Given records:
┌────────

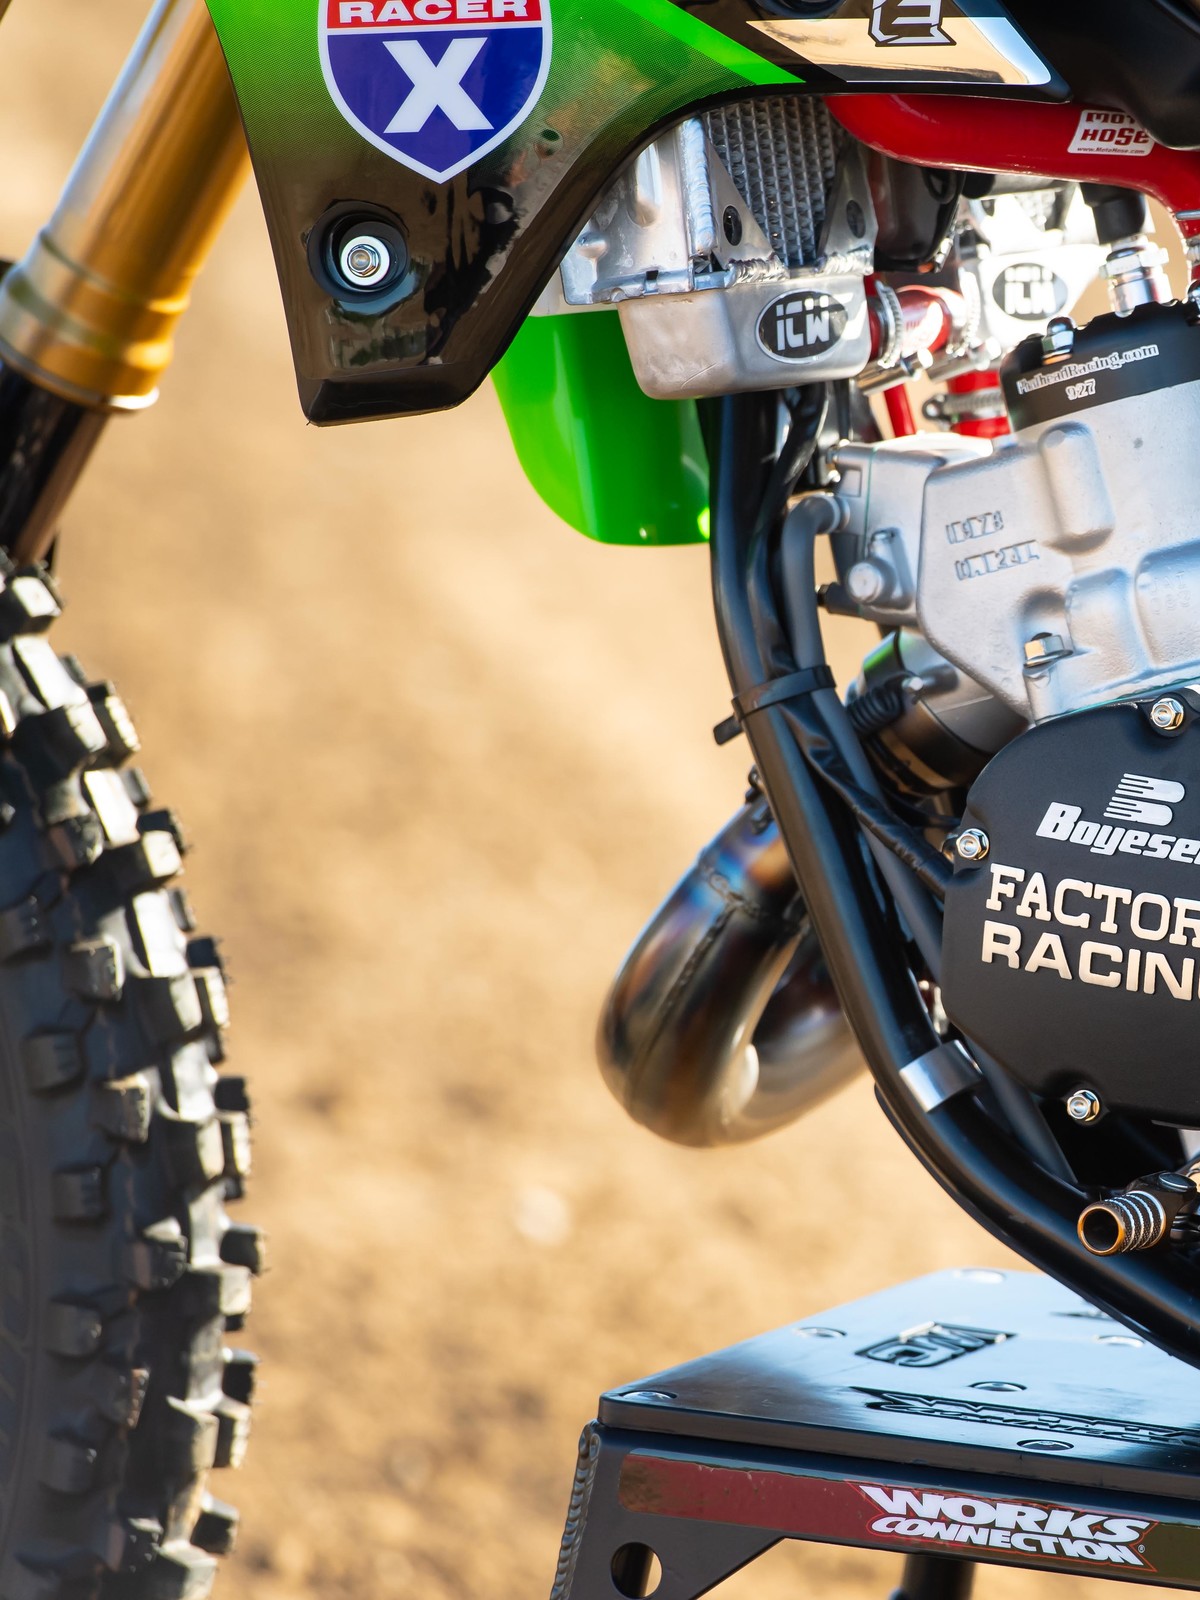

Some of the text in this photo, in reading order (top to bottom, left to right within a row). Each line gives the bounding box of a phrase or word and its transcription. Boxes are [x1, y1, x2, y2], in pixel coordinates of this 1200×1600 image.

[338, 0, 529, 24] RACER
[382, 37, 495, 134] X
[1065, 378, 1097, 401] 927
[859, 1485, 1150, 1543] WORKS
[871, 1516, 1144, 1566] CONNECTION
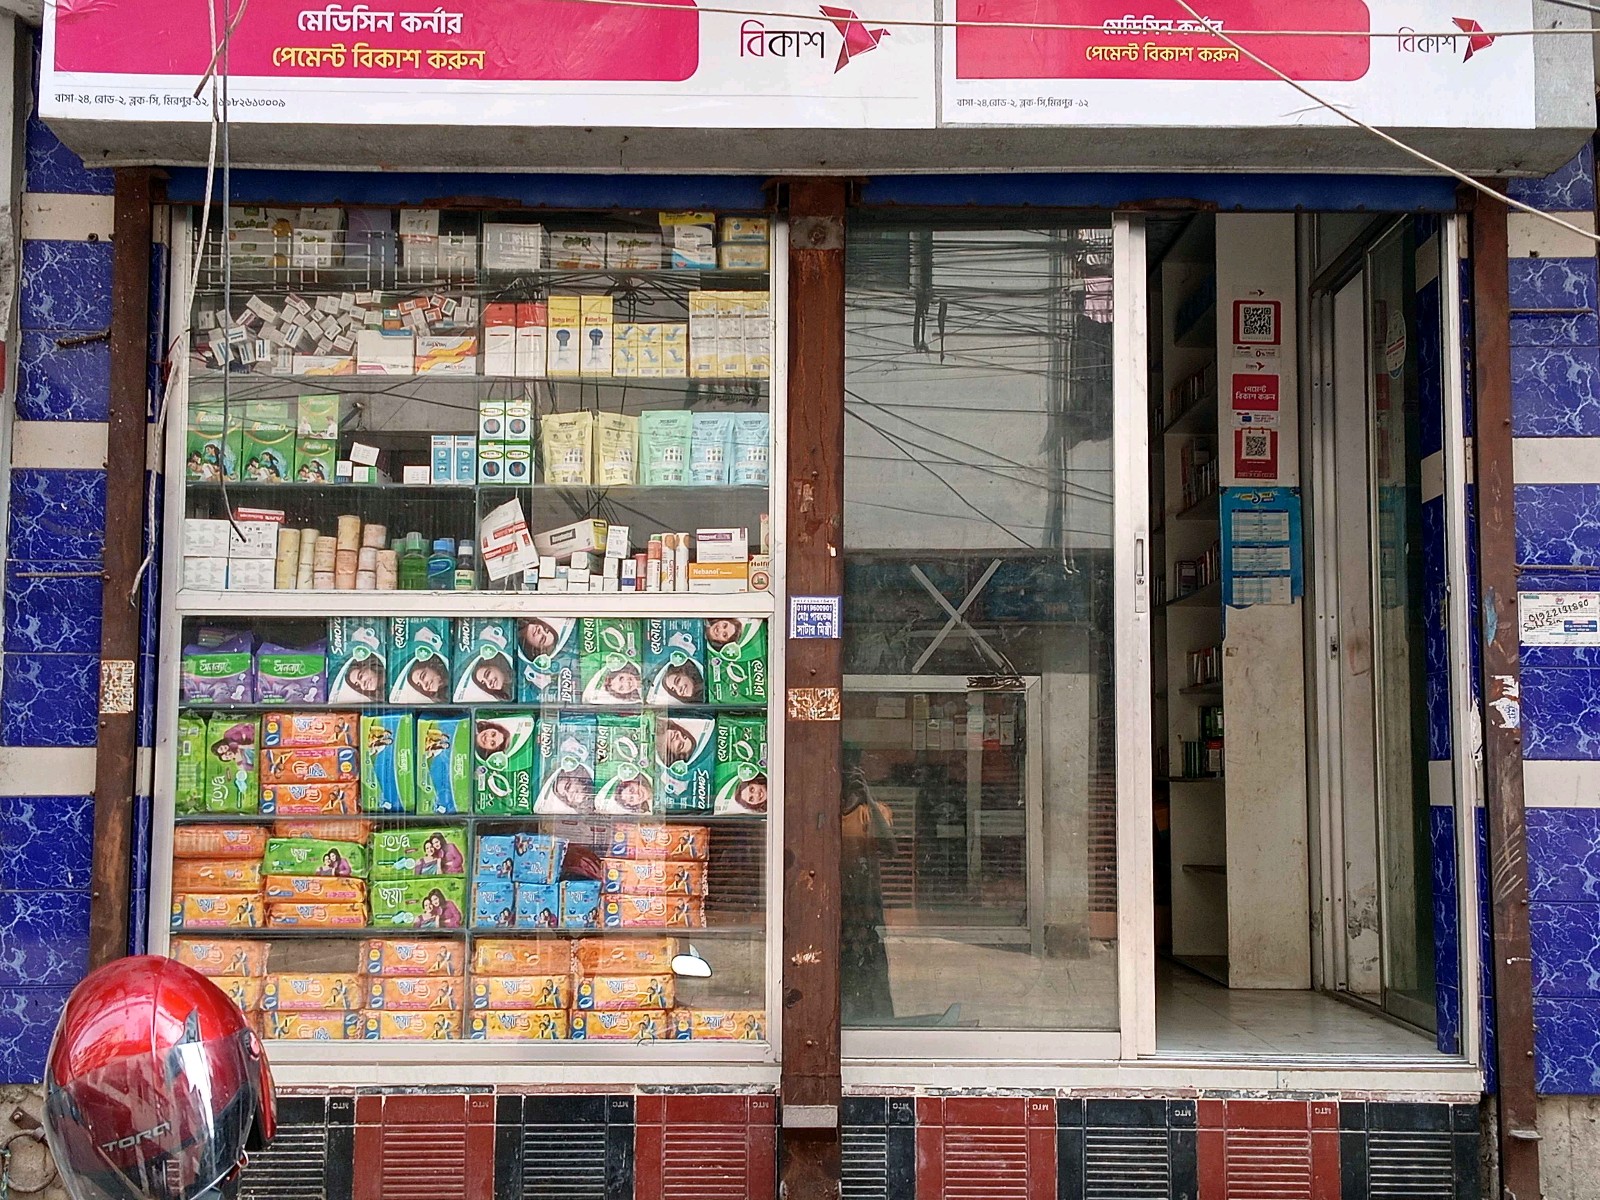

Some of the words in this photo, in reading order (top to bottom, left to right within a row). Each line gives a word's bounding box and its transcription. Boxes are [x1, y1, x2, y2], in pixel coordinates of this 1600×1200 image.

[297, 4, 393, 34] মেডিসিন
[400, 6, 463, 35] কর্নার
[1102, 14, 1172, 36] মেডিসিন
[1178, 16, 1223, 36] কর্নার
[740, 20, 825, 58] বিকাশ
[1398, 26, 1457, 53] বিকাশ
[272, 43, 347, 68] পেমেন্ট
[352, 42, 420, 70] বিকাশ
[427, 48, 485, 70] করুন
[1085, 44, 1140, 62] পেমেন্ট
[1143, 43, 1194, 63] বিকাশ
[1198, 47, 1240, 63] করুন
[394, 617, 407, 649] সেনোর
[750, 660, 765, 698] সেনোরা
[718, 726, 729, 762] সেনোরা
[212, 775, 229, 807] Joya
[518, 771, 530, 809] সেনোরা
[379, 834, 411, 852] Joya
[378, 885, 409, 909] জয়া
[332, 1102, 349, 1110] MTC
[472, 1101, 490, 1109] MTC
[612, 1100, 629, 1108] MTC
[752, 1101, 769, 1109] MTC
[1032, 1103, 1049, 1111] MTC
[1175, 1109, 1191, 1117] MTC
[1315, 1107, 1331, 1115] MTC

└────────

Task description: Only the lines from the one containing "Some of the words" to the end of the records should be repeated, exactly as they appear.

Solved exercise:
Some of the words in this photo, in reading order (top to bottom, left to right within a row). Each line gives a word's bounding box and its transcription. Boxes are [x1, y1, x2, y2], in pixel coordinates of this 1600×1200 image.

[297, 4, 393, 34] মেডিসিন
[400, 6, 463, 35] কর্নার
[1102, 14, 1172, 36] মেডিসিন
[1178, 16, 1223, 36] কর্নার
[740, 20, 825, 58] বিকাশ
[1398, 26, 1457, 53] বিকাশ
[272, 43, 347, 68] পেমেন্ট
[352, 42, 420, 70] বিকাশ
[427, 48, 485, 70] করুন
[1085, 44, 1140, 62] পেমেন্ট
[1143, 43, 1194, 63] বিকাশ
[1198, 47, 1240, 63] করুন
[394, 617, 407, 649] সেনোর
[750, 660, 765, 698] সেনোরা
[718, 726, 729, 762] সেনোরা
[212, 775, 229, 807] Joya
[518, 771, 530, 809] সেনোরা
[379, 834, 411, 852] Joya
[378, 885, 409, 909] জয়া
[332, 1102, 349, 1110] MTC
[472, 1101, 490, 1109] MTC
[612, 1100, 629, 1108] MTC
[752, 1101, 769, 1109] MTC
[1032, 1103, 1049, 1111] MTC
[1175, 1109, 1191, 1117] MTC
[1315, 1107, 1331, 1115] MTC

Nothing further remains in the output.